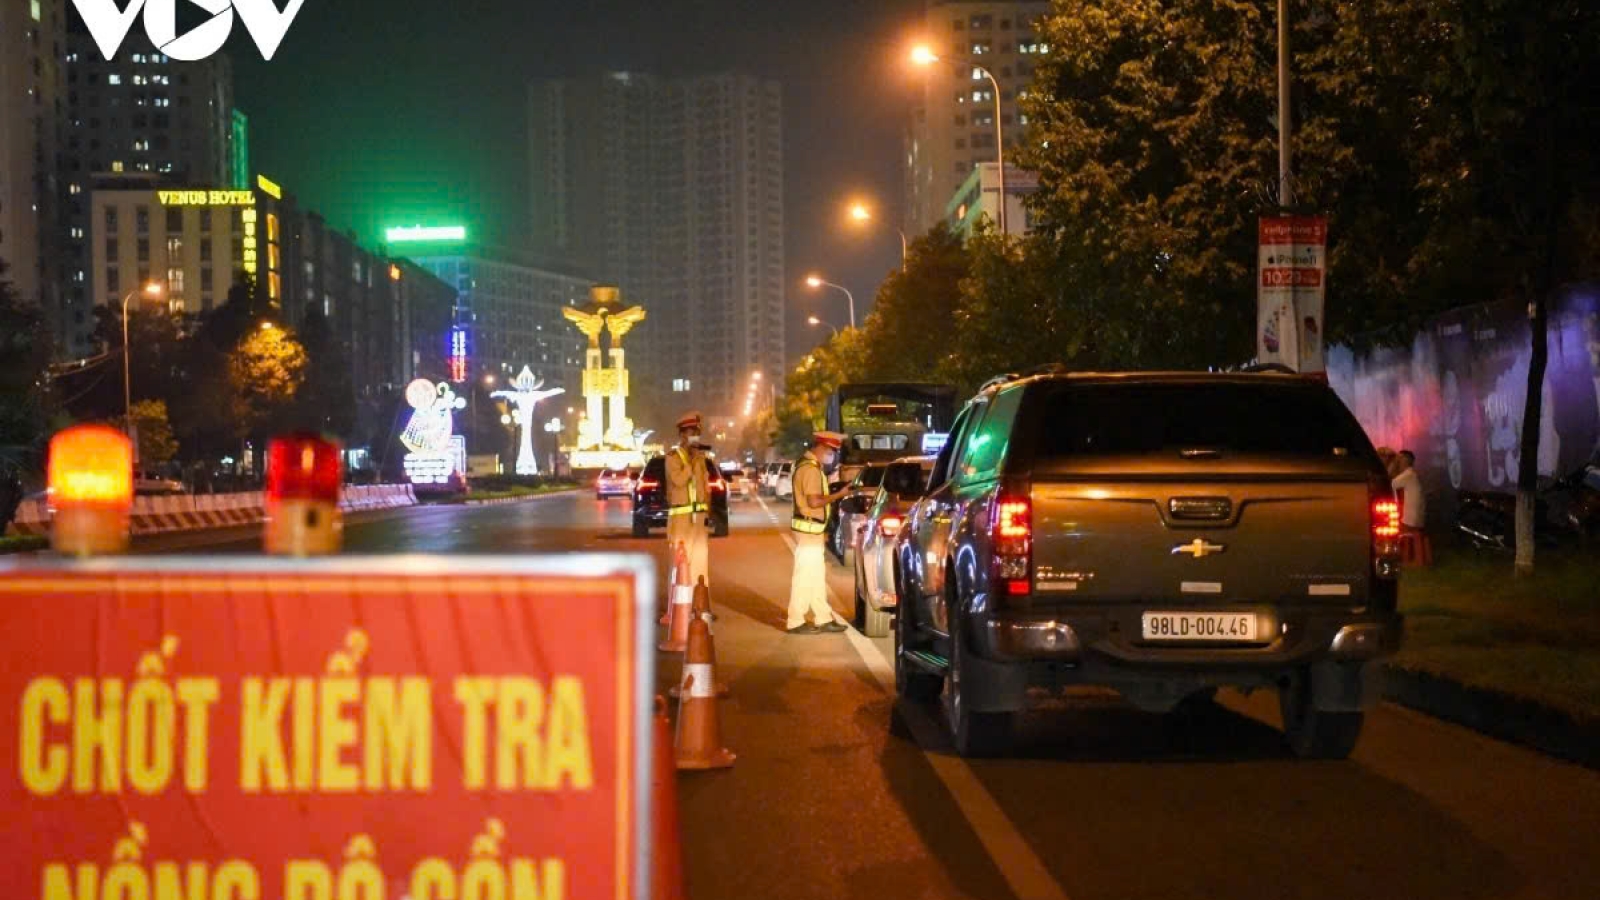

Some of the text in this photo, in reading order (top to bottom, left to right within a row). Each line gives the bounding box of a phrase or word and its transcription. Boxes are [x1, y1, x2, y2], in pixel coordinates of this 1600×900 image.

[158, 190, 256, 205] VENUS HOTEL
[1150, 617, 1249, 636] 98LD-004.46
[20, 630, 593, 795] CHỐT KIỂM TRA
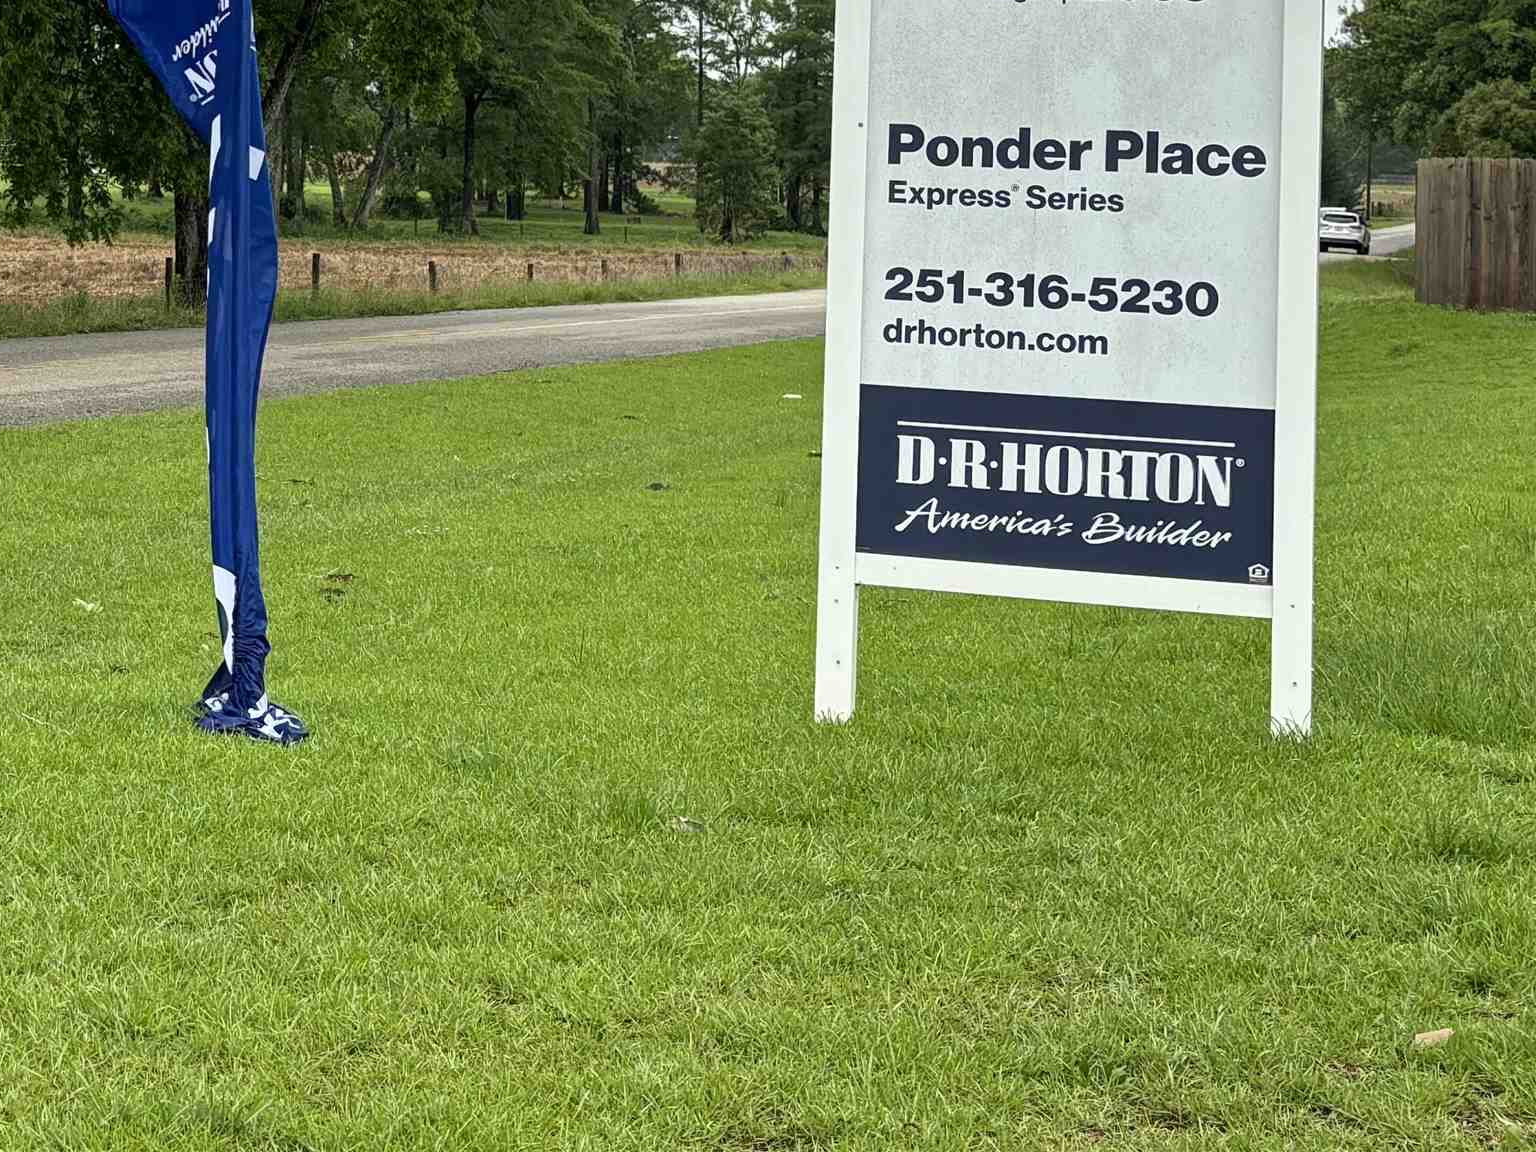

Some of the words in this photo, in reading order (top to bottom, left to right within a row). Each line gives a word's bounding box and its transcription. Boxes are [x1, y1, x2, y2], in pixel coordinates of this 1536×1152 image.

[887, 123, 1093, 172] Ponder
[1105, 129, 1267, 178] Place
[1025, 184, 1125, 213] Series
[884, 266, 1219, 317] 251-316-5230
[883, 317, 1109, 355] drhorton.com
[894, 496, 1074, 534] America's
[1080, 511, 1233, 549] Builder
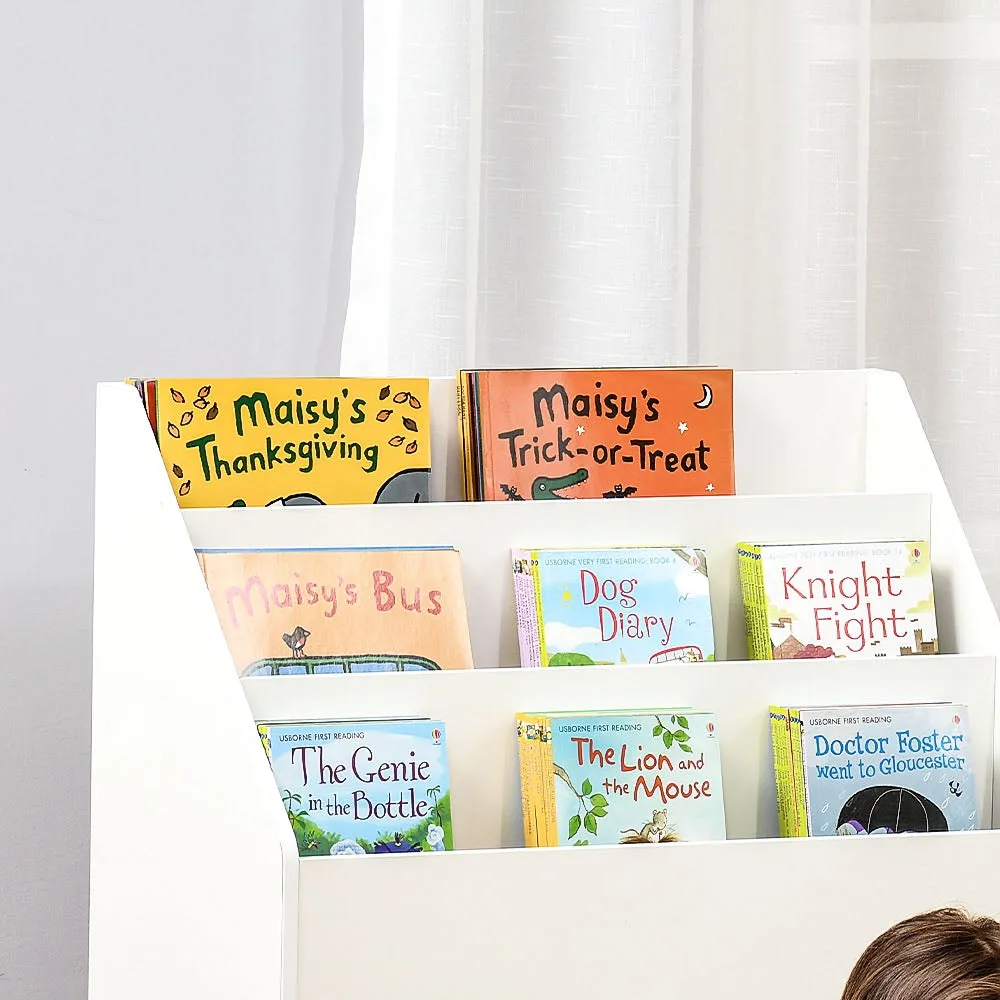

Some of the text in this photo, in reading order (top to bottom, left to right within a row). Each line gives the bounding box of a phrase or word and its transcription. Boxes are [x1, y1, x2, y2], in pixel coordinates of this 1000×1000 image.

◆ ◆ ◆ ◆ ◆

### [WHAT THE EXERCISE ASKS]
Retype each line above exactly and leave out any picture.

### [EXERCISE RESPONSE]
Some of the text in this photo, in reading order (top to bottom, left to right within a row). Each line gives the bounding box of a phrase or word and its transcription. Boxes are [x1, y1, x2, y2], in pixel coordinates of this 1600×900 image.

[158, 190, 256, 205] VENUS HOTEL
[1150, 617, 1249, 636] 98LD-004.46
[20, 630, 593, 795] CHỐT KIỂM TRA

Some of the words in this photo, in reading order (top to bottom, left to right within a row). Each line gives a word's bounding box and its transcription. Boxes are [x1, y1, x2, y2], in pixel coordinates of this 1536×1152 image.

[887, 123, 1093, 172] Ponder
[1105, 129, 1267, 178] Place
[1025, 184, 1125, 213] Series
[884, 266, 1219, 317] 251-316-5230
[883, 317, 1109, 355] drhorton.com
[894, 496, 1074, 534] America's
[1080, 511, 1233, 549] Builder

Some of the text in this photo, in reading order (top to bottom, left to right within a row). Each line gives the bounding box of a phrase or word and its transcription. Boxes are [x1, y1, x2, y2], in pixel coordinates of this 1000×1000 image.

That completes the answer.